• The problem:
Every record should be written out exactly, with the pictures left out.

Saved data entries
Start of Block
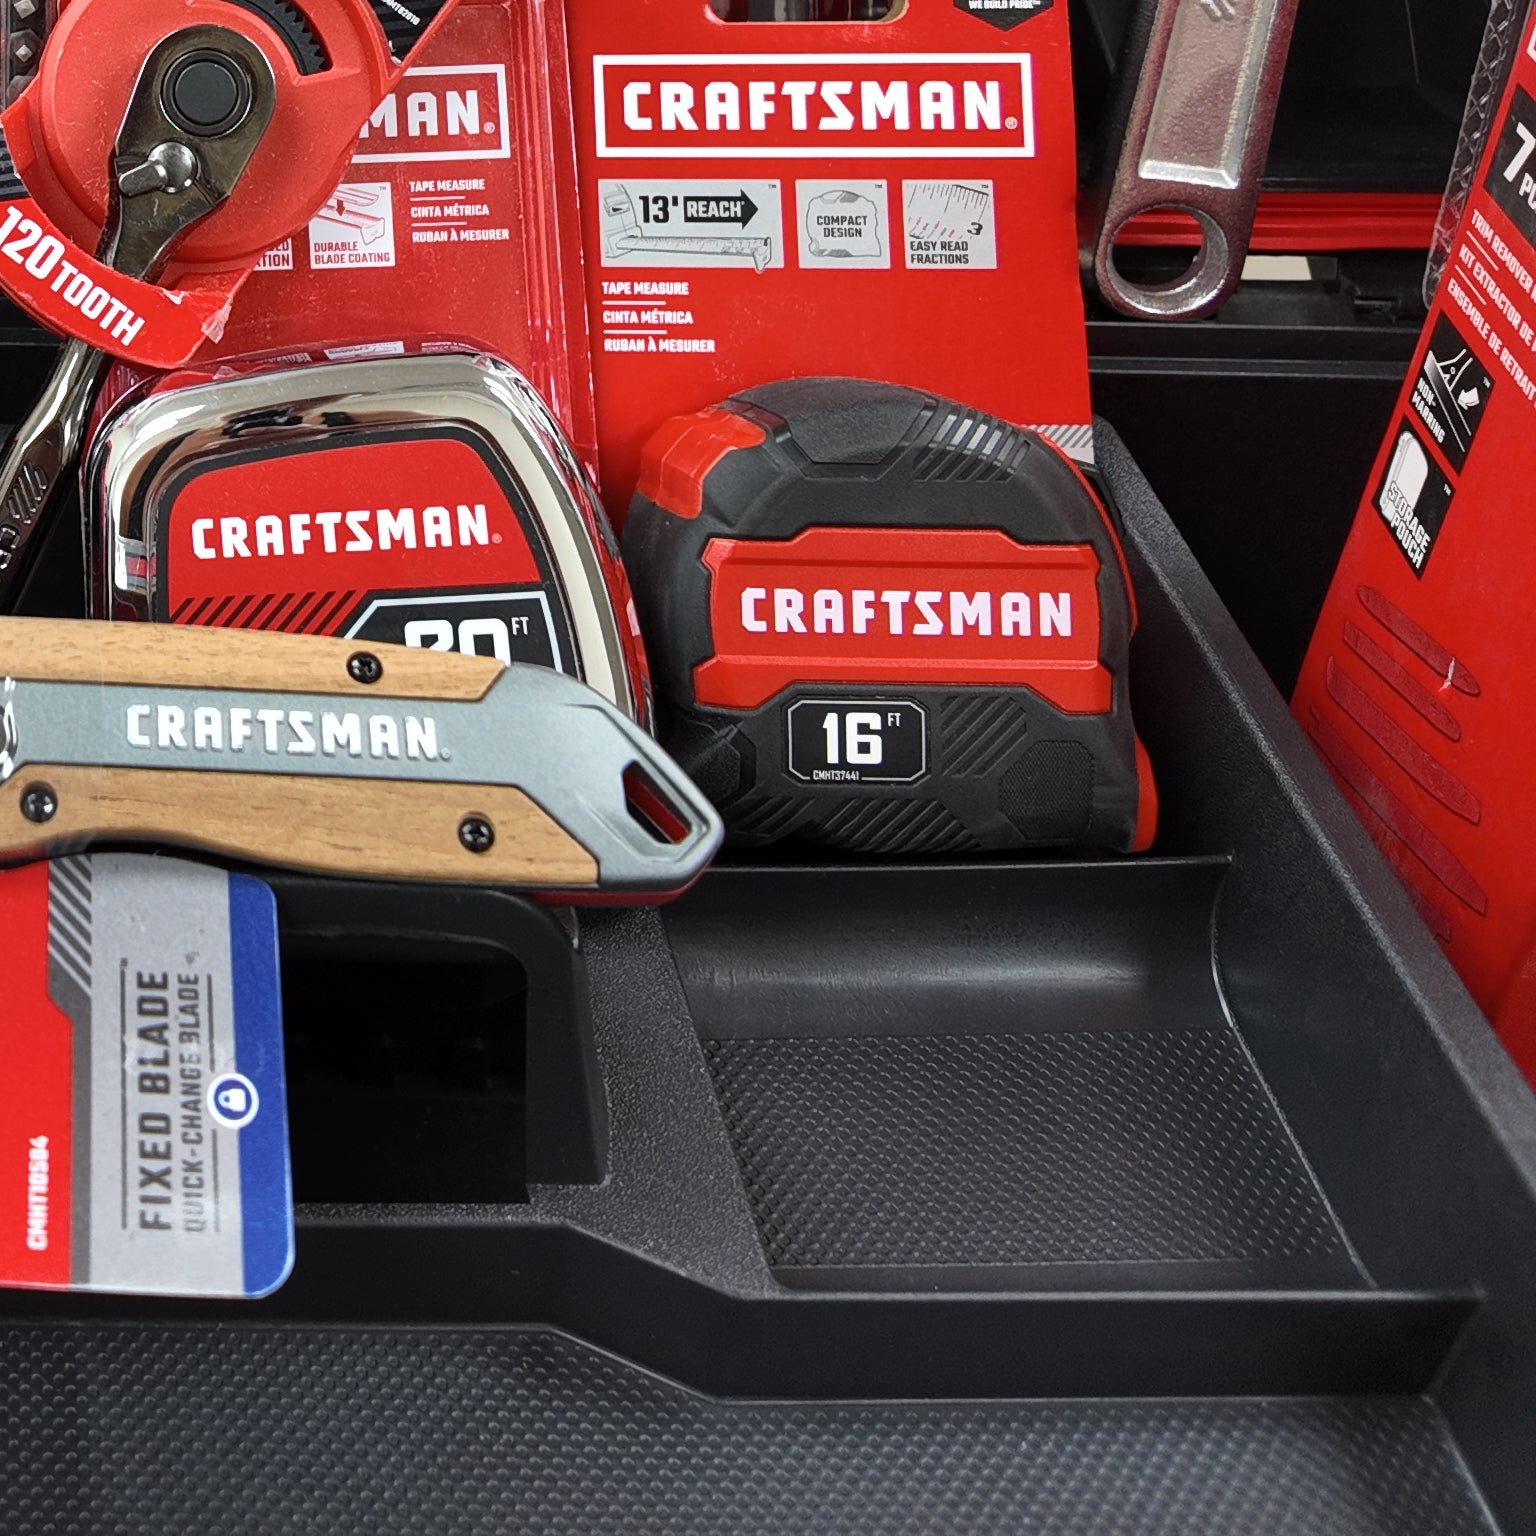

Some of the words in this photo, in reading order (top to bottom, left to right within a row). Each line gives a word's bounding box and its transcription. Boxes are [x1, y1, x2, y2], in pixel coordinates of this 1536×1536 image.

[639, 196, 678, 223] 13'
[817, 215, 868, 227] COMPACT
[823, 227, 862, 238] DESIGN
[314, 242, 358, 252] DURABLE
[314, 254, 345, 264] BLADE
[349, 252, 390, 262] COATING
[910, 241, 937, 252] EASY
[940, 241, 968, 252] READ
[910, 253, 969, 265] FRACTIONS
[1471, 208, 1492, 240] TRIM
[1492, 237, 1530, 293] REMOVER
[50, 258, 145, 346] TOOTH
[602, 282, 631, 296] TAPE
[633, 282, 689, 296] MEASURE
[1460, 244, 1474, 268] KIT
[1472, 261, 1520, 330] EXTRACTOR
[1518, 320, 1532, 346] DE
[603, 311, 636, 325] CINTA
[639, 308, 693, 324] MÉTRICA
[1447, 278, 1488, 340] ENSEMBLE
[1487, 331, 1502, 356] DE
[1500, 350, 1535, 400] RETRAIT
[604, 338, 644, 353] RUBAN
[648, 335, 656, 352] À
[659, 339, 716, 353] MESURER
[1389, 481, 1430, 553] STORAGE
[1391, 512, 1424, 569] POUCH
[741, 587, 1072, 637] CRAFTSMAN
[126, 703, 438, 760] CRAFTSMAN
[822, 712, 883, 765] 16
[888, 713, 901, 727] FT
[136, 971, 171, 1096] BLADE
[176, 973, 201, 1044] BLADE
[179, 1052, 205, 1233] QUICK-CHANGE
[138, 1112, 173, 1231] FIXED
End of Block
• Exercise response:
Some of the words in this photo, in reading order (top to bottom, left to right within a row). Each line gives a word's bounding box and its transcription. Boxes are [x1, y1, x2, y2], in pixel coordinates of this 1536×1536 image.

[639, 196, 678, 223] 13'
[817, 215, 868, 227] COMPACT
[823, 227, 862, 238] DESIGN
[314, 242, 358, 252] DURABLE
[314, 254, 345, 264] BLADE
[349, 252, 390, 262] COATING
[910, 241, 937, 252] EASY
[940, 241, 968, 252] READ
[910, 253, 969, 265] FRACTIONS
[1471, 208, 1492, 240] TRIM
[1492, 237, 1530, 293] REMOVER
[50, 258, 145, 346] TOOTH
[602, 282, 631, 296] TAPE
[633, 282, 689, 296] MEASURE
[1460, 244, 1474, 268] KIT
[1472, 261, 1520, 330] EXTRACTOR
[1518, 320, 1532, 346] DE
[603, 311, 636, 325] CINTA
[639, 308, 693, 324] MÉTRICA
[1447, 278, 1488, 340] ENSEMBLE
[1487, 331, 1502, 356] DE
[1500, 350, 1535, 400] RETRAIT
[604, 338, 644, 353] RUBAN
[648, 335, 656, 352] À
[659, 339, 716, 353] MESURER
[1389, 481, 1430, 553] STORAGE
[1391, 512, 1424, 569] POUCH
[741, 587, 1072, 637] CRAFTSMAN
[126, 703, 438, 760] CRAFTSMAN
[822, 712, 883, 765] 16
[888, 713, 901, 727] FT
[136, 971, 171, 1096] BLADE
[176, 973, 201, 1044] BLADE
[179, 1052, 205, 1233] QUICK-CHANGE
[138, 1112, 173, 1231] FIXED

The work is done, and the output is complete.